Method (Python)

A method in Python is a function defined inside a class using the def keyword.

This page covers Method in Python. For a language-agnostic introduction, see Method.

Defining a Method#

Every instance method in Python takes self as its first parameter. self is a reference to the object the method is being called on.

class Player:
    def greet(self):
        print("Hello!")

By convention, method names use snake_case: greet, play, get_score.

Return Values#

Use return to send a value back from a method. A method without a return statement returns None.

class Player:
    def add(self, a, b):
        return a + b

Parameters#

Parameters come after self, separated by commas.

class Player:
    def greet(self, name):
        print(f"Hello, {name}!")

Calling a Method#

Call a method on an object using dot notation. Python passes self automatically — you don’t include it in the call.

player = Player()
player.greet("Alice")

Common Mistakes#

Forgetting self as the first parameter Every instance method must have self as its first parameter. Omitting it causes a TypeError when the method is called, because Python passes the object as the first argument automatically: greet() takes 0 positional arguments but 1 was given.

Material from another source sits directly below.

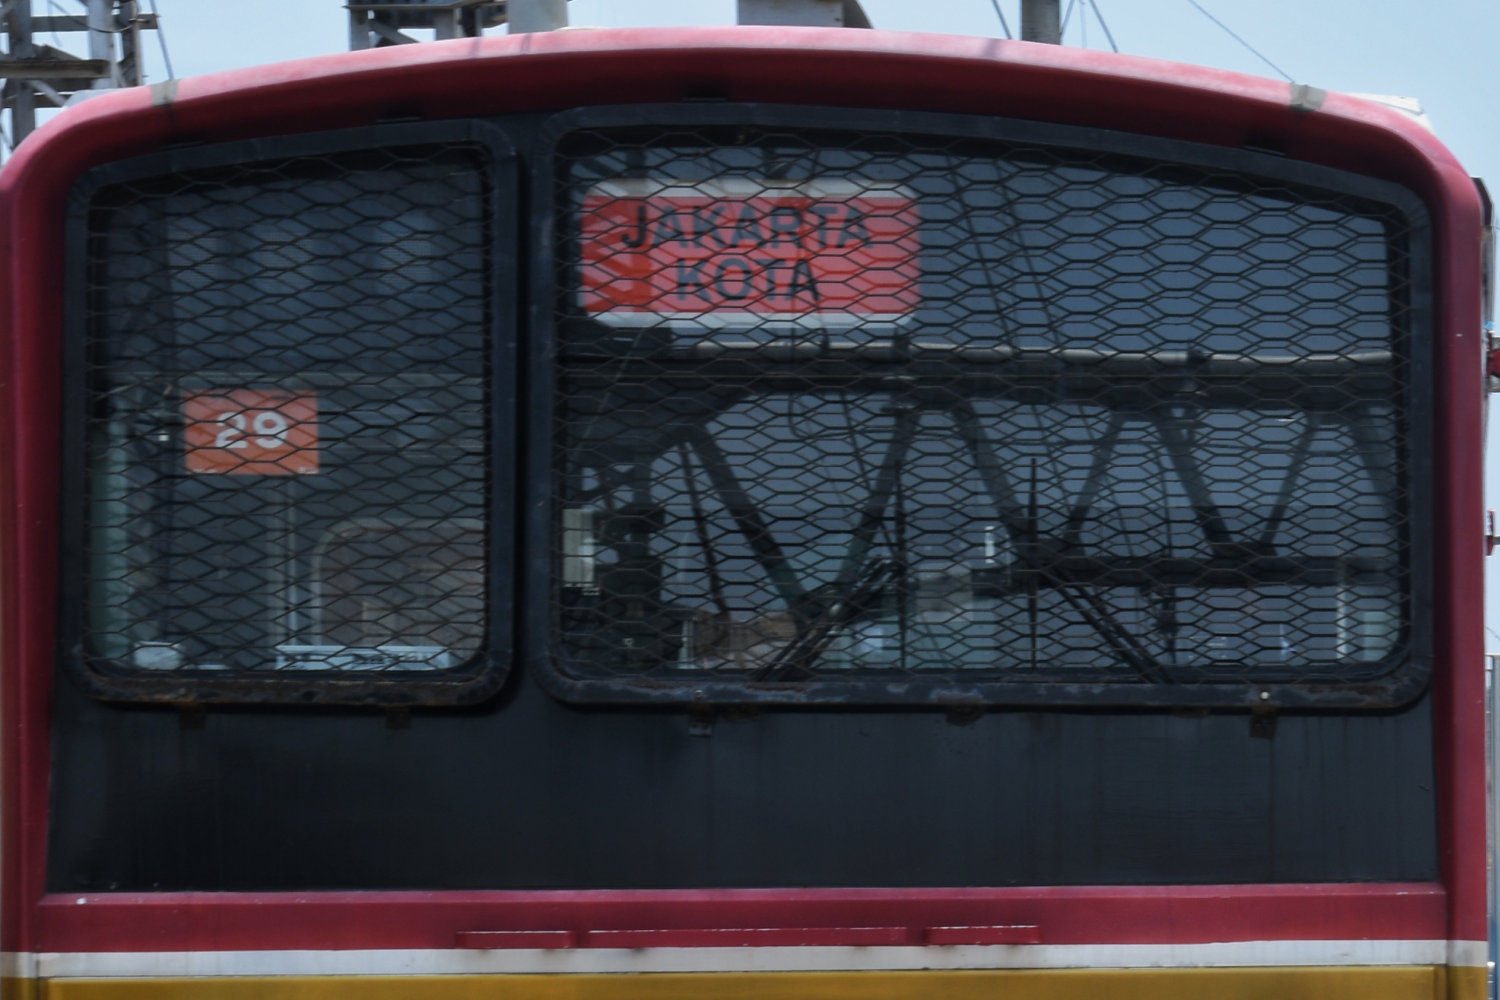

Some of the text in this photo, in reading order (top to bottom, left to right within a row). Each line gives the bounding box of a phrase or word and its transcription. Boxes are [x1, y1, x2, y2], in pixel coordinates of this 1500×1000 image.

Passing self explicitly when calling the method When calling player.greet("Alice"), don’t write player.greet(player, "Alice"). Python handles self automatically — passing it manually causes a TypeError.

Using PascalCase for method names Python convention is snake_case for methods. Writing def Greet(self) works but goes against the style the Python community expects.

Forgetting the colon after def def greet(self) must end with a colon. Missing it is a SyntaxError.